Stored data:
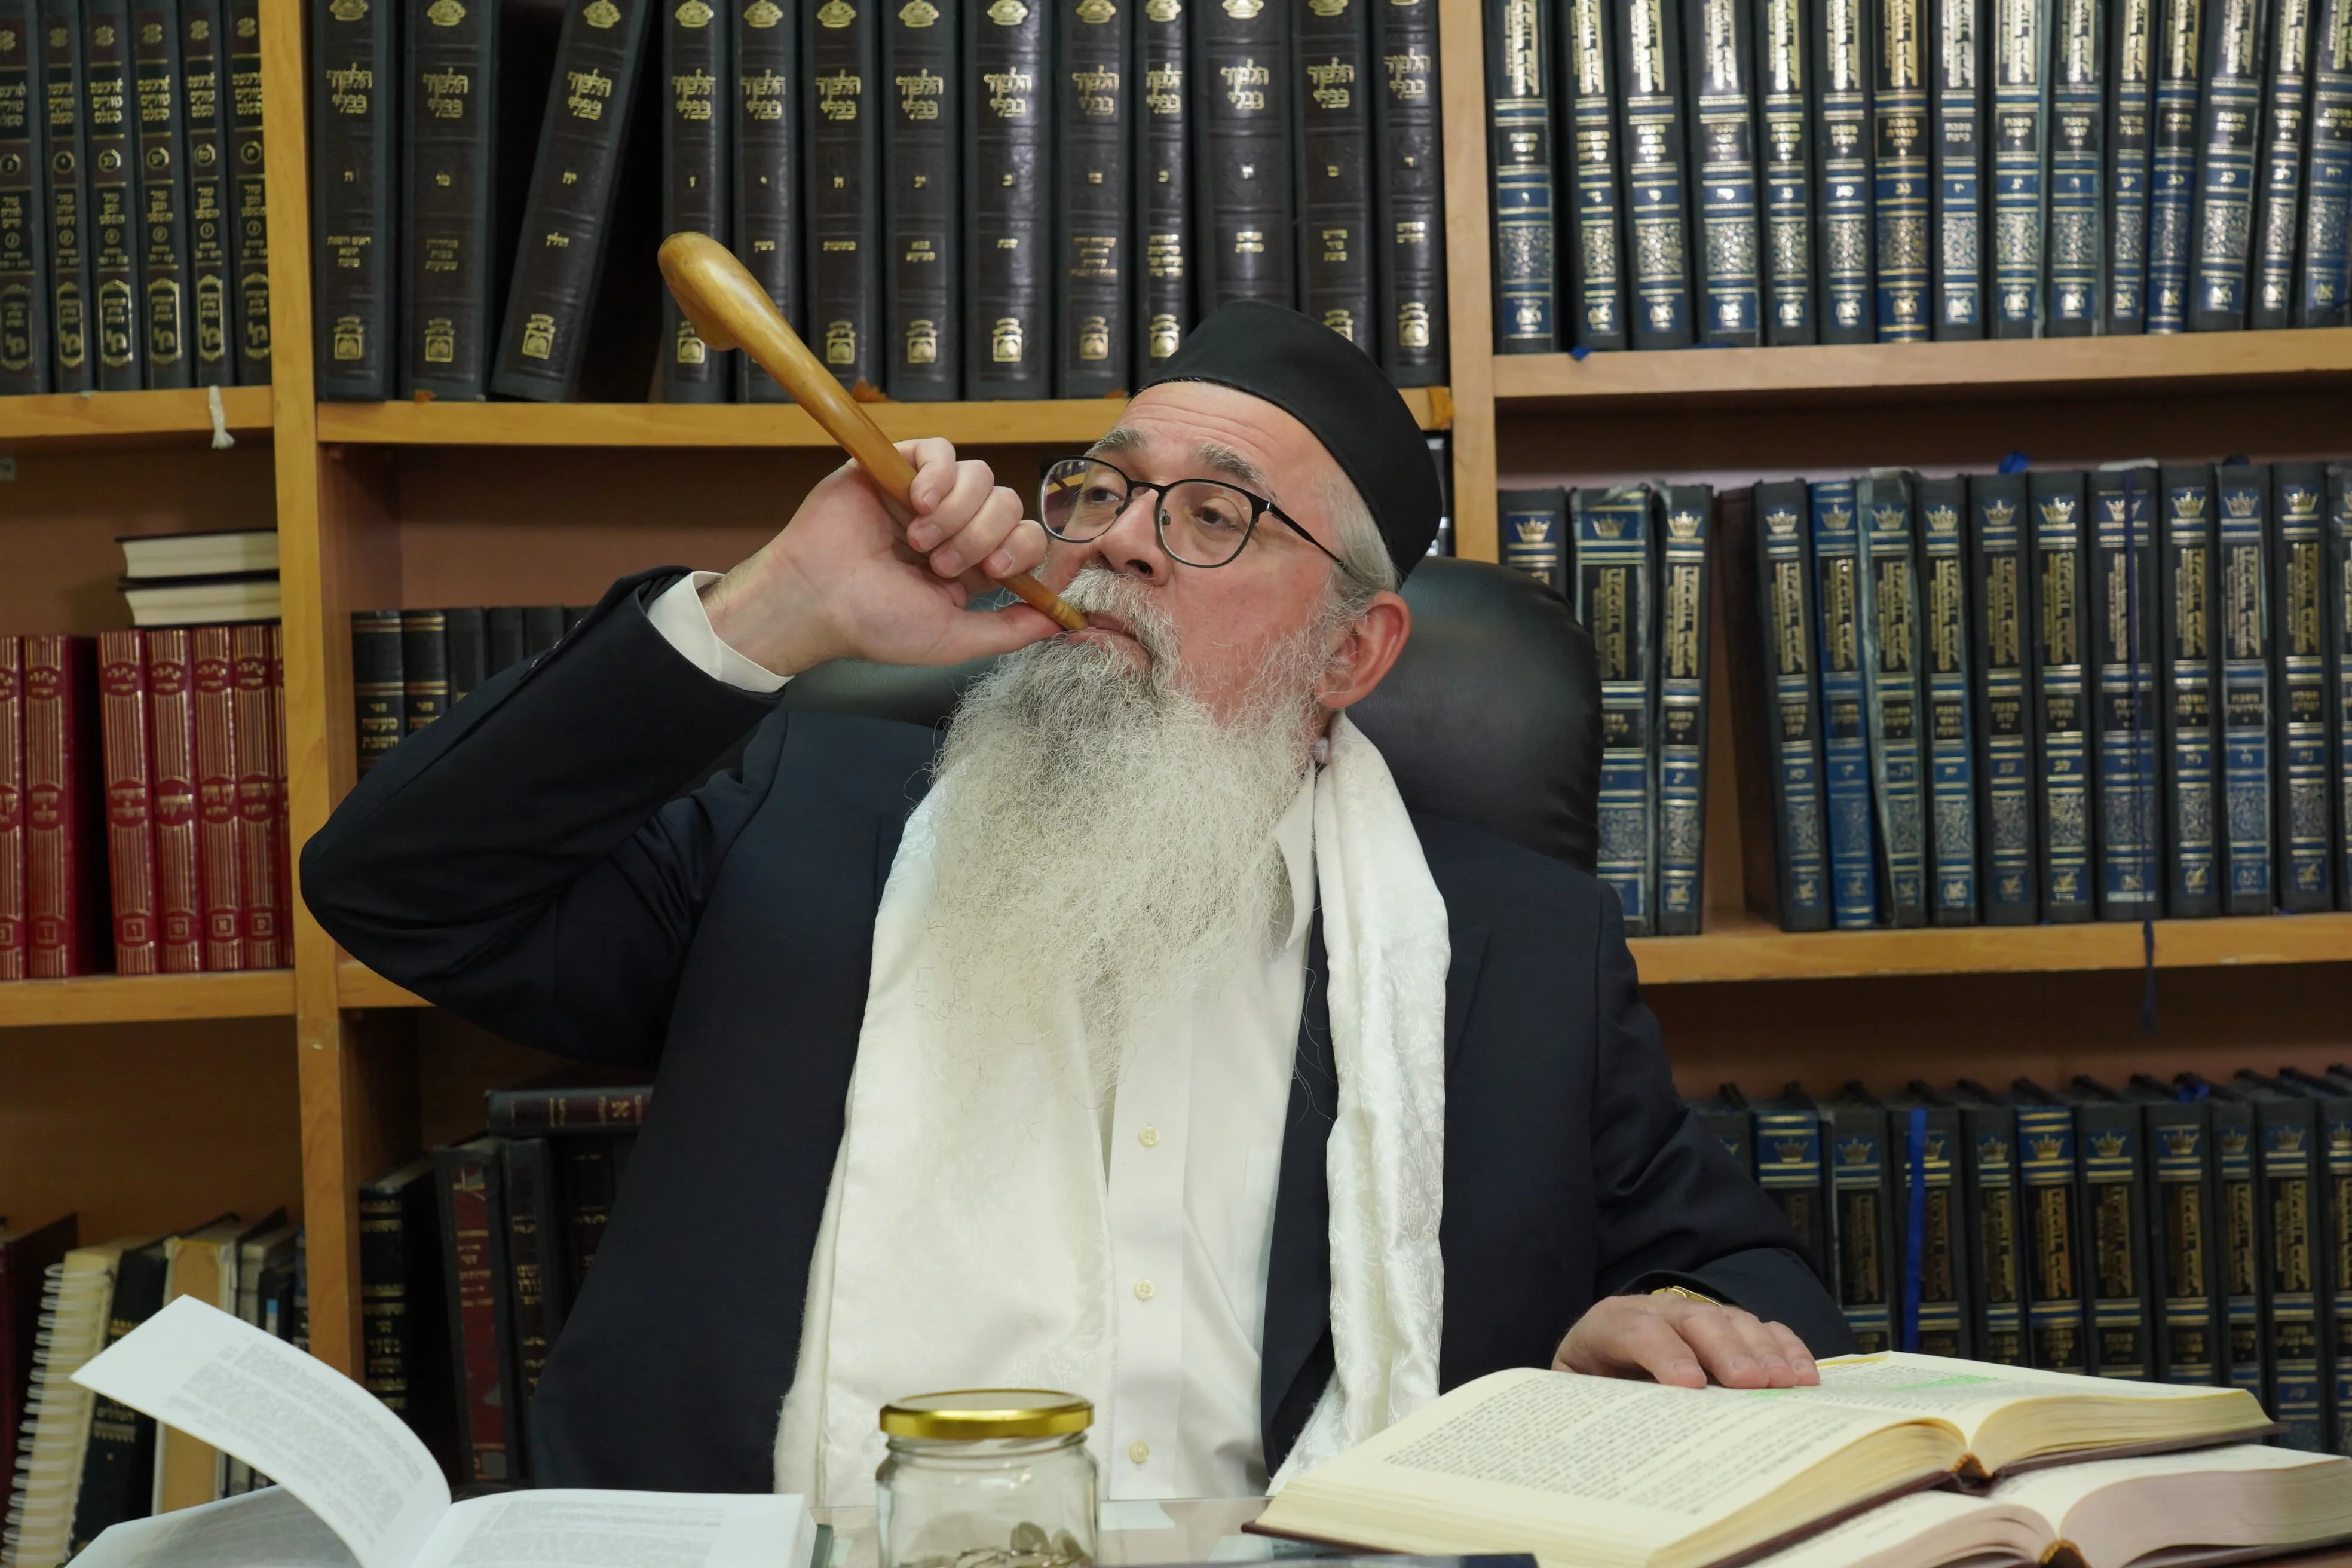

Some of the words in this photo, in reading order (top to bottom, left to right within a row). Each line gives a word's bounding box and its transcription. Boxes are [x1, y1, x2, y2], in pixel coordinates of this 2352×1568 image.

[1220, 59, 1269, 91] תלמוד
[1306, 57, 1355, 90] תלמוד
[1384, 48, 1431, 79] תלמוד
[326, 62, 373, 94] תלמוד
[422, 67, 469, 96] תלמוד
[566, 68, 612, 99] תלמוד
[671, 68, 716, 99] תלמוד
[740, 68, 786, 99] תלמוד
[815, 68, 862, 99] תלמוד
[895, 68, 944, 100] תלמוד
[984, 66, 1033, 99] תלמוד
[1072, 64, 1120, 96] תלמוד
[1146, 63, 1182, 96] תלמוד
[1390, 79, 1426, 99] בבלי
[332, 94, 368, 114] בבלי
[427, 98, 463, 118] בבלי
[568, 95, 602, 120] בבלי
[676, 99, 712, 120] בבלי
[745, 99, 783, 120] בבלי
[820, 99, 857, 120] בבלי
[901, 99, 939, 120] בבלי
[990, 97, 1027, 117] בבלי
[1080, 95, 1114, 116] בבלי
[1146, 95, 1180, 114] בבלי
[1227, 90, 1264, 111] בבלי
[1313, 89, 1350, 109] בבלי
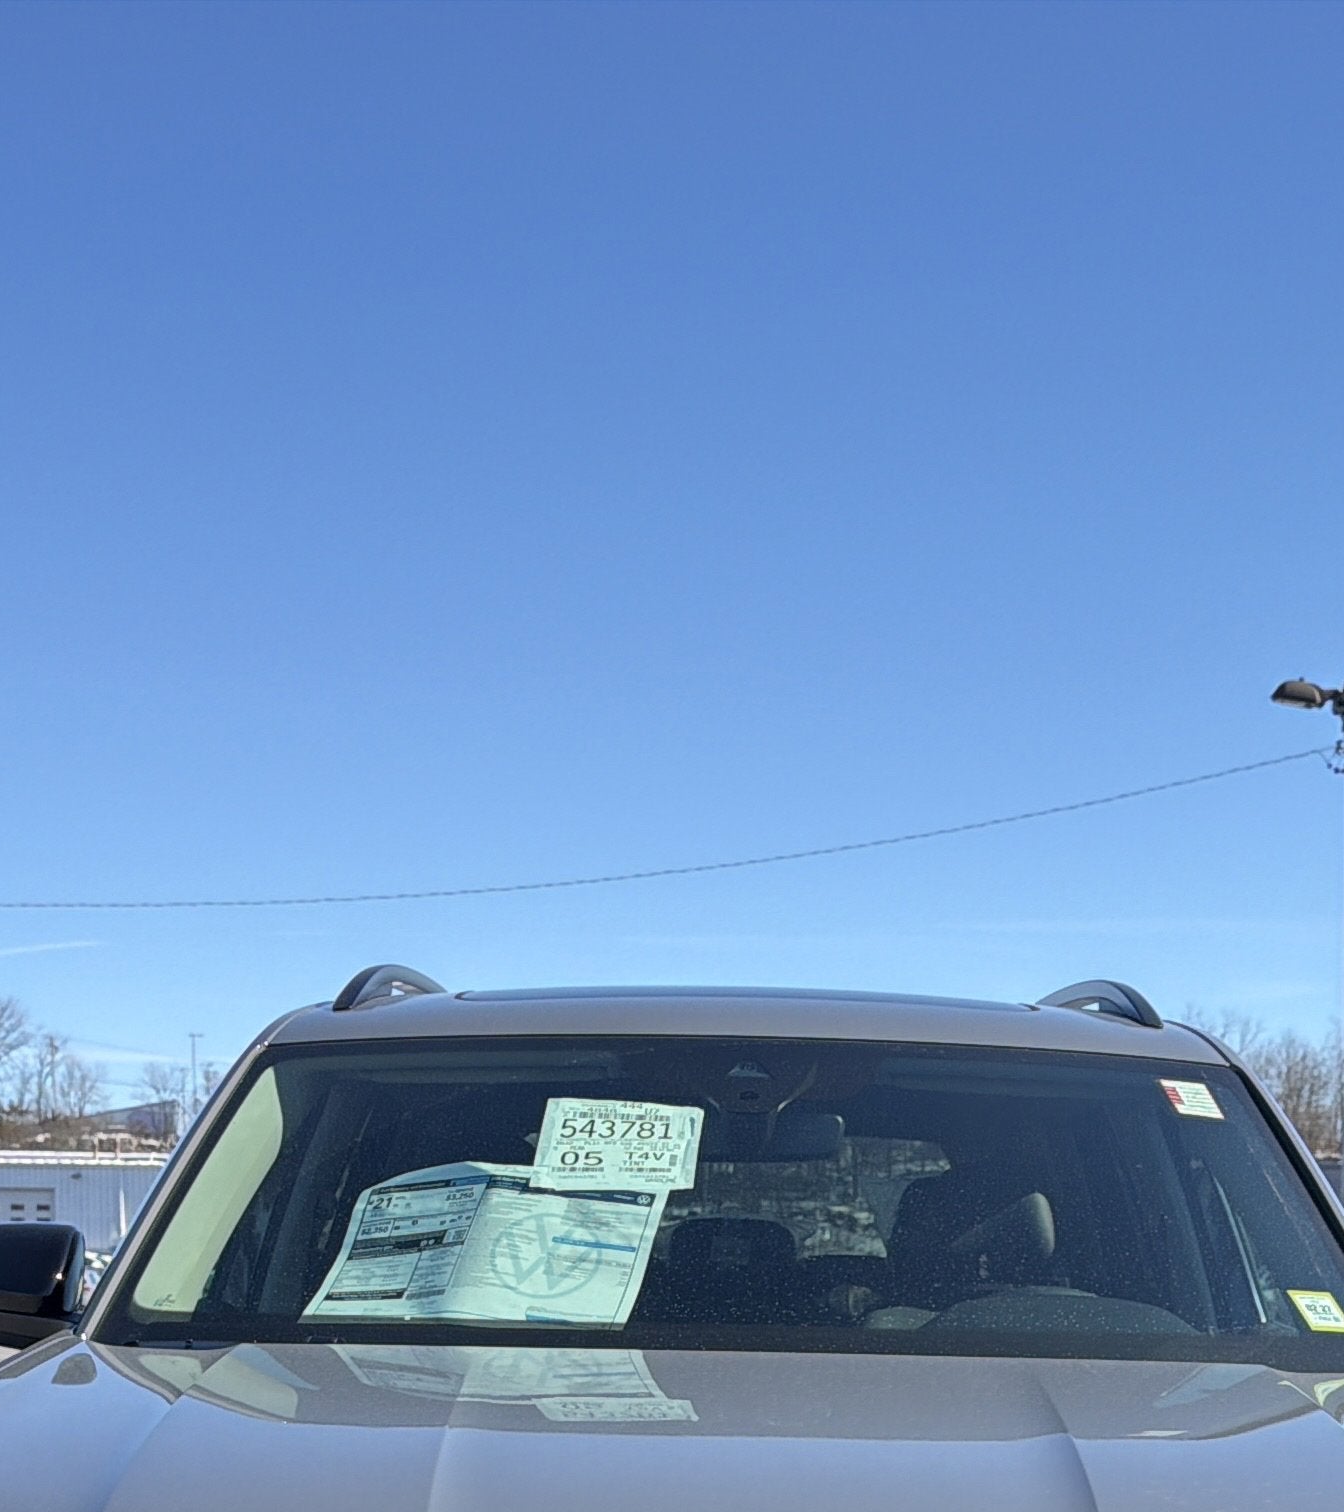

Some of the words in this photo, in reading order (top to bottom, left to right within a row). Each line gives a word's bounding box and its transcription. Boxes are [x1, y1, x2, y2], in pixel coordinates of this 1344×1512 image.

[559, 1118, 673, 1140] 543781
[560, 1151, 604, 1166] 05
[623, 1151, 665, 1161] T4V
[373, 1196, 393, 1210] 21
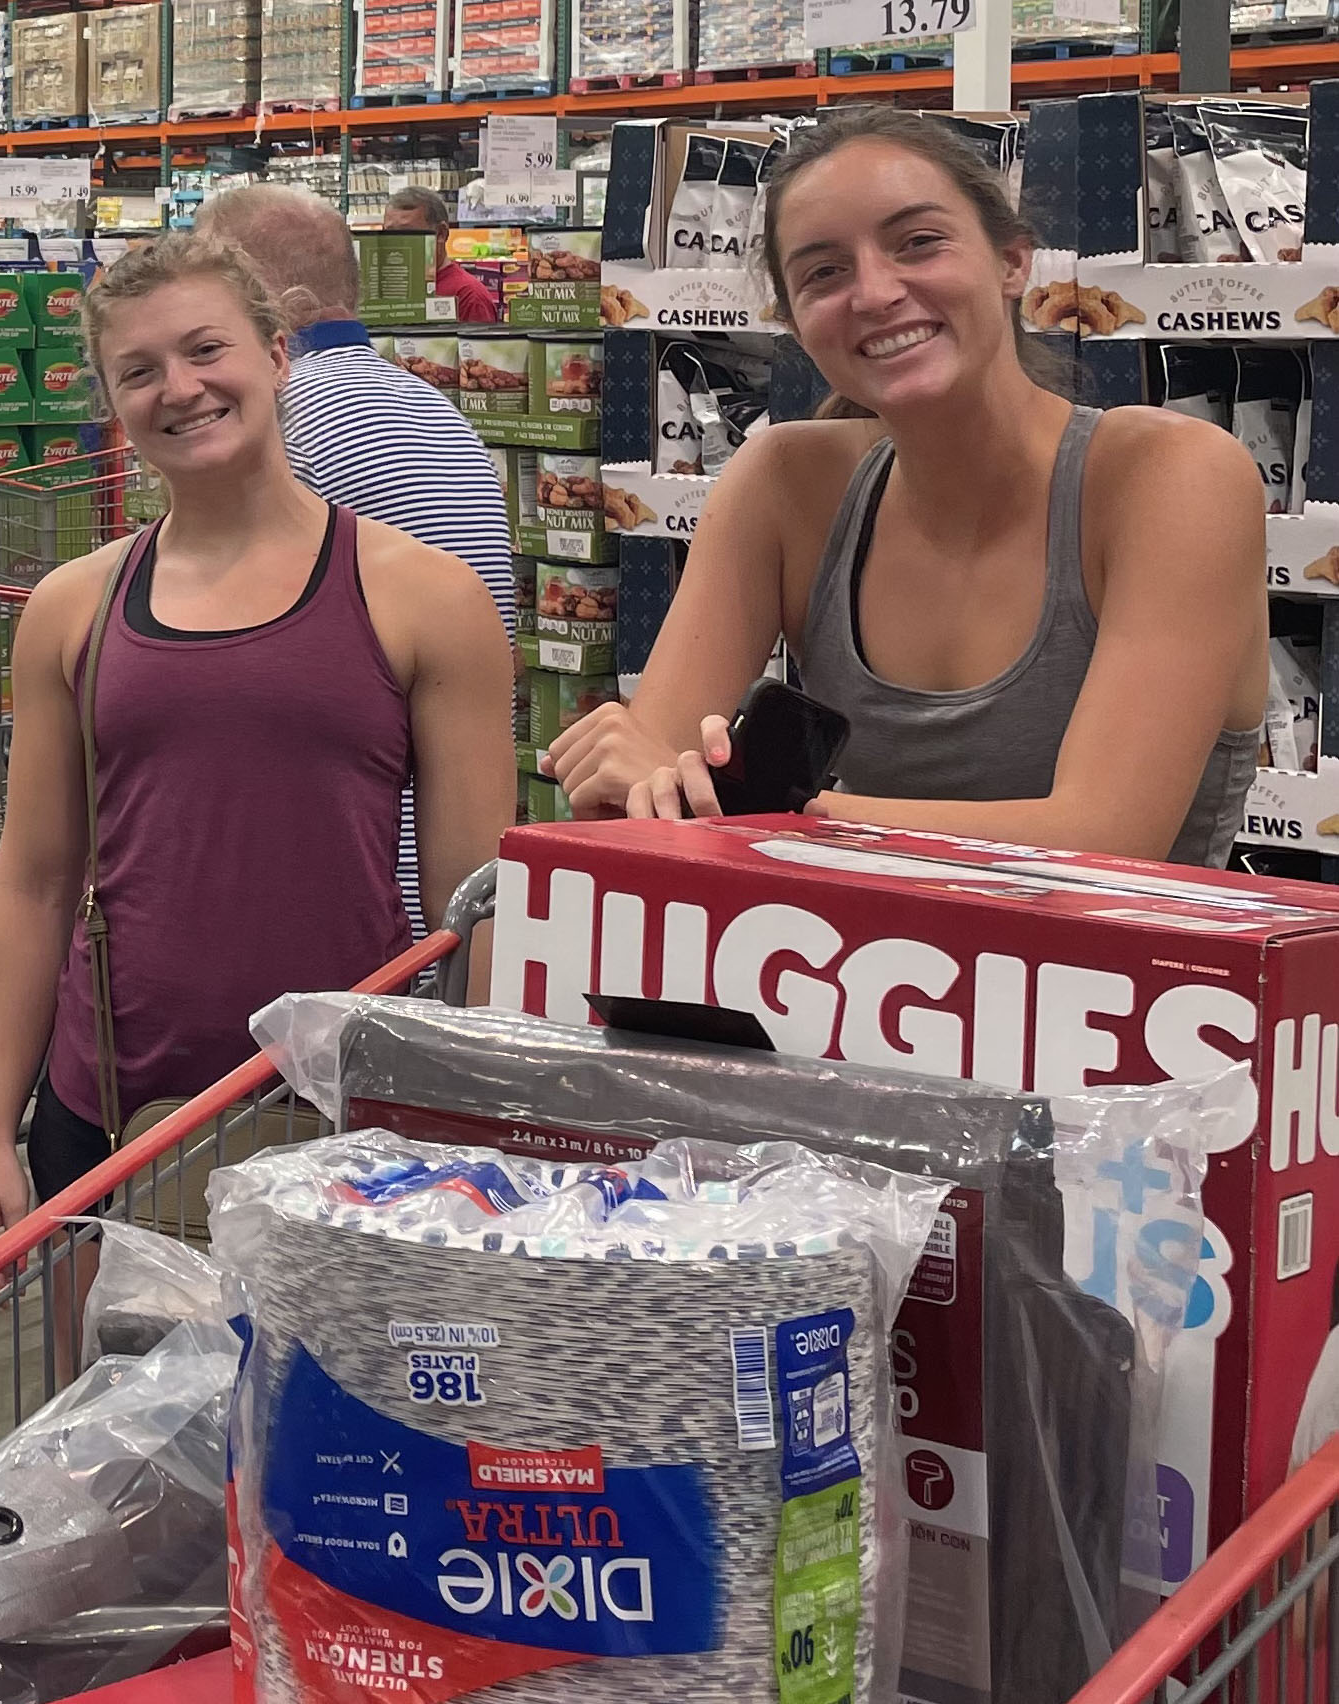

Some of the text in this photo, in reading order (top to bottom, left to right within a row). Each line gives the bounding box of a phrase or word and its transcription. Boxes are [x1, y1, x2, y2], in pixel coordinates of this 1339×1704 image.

### [TASK TO COMPLETE]
The records above must be printed exactly, but the pictures they hold should be omitted.

### [ANSWER BOX]
Some of the words in this photo, in reading order (top to bottom, left to right within a row). Each line gives a word's bounding box and its transcription. Boxes are [x1, y1, x2, y2], in pixel coordinates of this 2352×1568 image.

[1220, 59, 1269, 91] תלמוד
[1306, 57, 1355, 90] תלמוד
[1384, 48, 1431, 79] תלמוד
[326, 62, 373, 94] תלמוד
[422, 67, 469, 96] תלמוד
[566, 68, 612, 99] תלמוד
[671, 68, 716, 99] תלמוד
[740, 68, 786, 99] תלמוד
[815, 68, 862, 99] תלמוד
[895, 68, 944, 100] תלמוד
[984, 66, 1033, 99] תלמוד
[1072, 64, 1120, 96] תלמוד
[1146, 63, 1182, 96] תלמוד
[1390, 79, 1426, 99] בבלי
[332, 94, 368, 114] בבלי
[427, 98, 463, 118] בבלי
[568, 95, 602, 120] בבלי
[676, 99, 712, 120] בבלי
[745, 99, 783, 120] בבלי
[820, 99, 857, 120] בבלי
[901, 99, 939, 120] בבלי
[990, 97, 1027, 117] בבלי
[1080, 95, 1114, 116] בבלי
[1146, 95, 1180, 114] בבלי
[1227, 90, 1264, 111] בבלי
[1313, 89, 1350, 109] בבלי

Some of the words in this photo, in reading order (top to bottom, left to right within a row). Each line gives a word's bounding box and its transcription. Boxes are [x1, y1, x2, y2], in pixel coordinates of this 1344×1512 image.

[559, 1118, 673, 1140] 543781
[560, 1151, 604, 1166] 05
[623, 1151, 665, 1161] T4V
[373, 1196, 393, 1210] 21

Some of the text in this photo, in reading order (top to bottom, left to right within a row). Each line gives the bounding box of a phrase or word and its transcription. Boxes are [x1, y1, x2, y2], in pixel coordinates of this 1339×1704 image.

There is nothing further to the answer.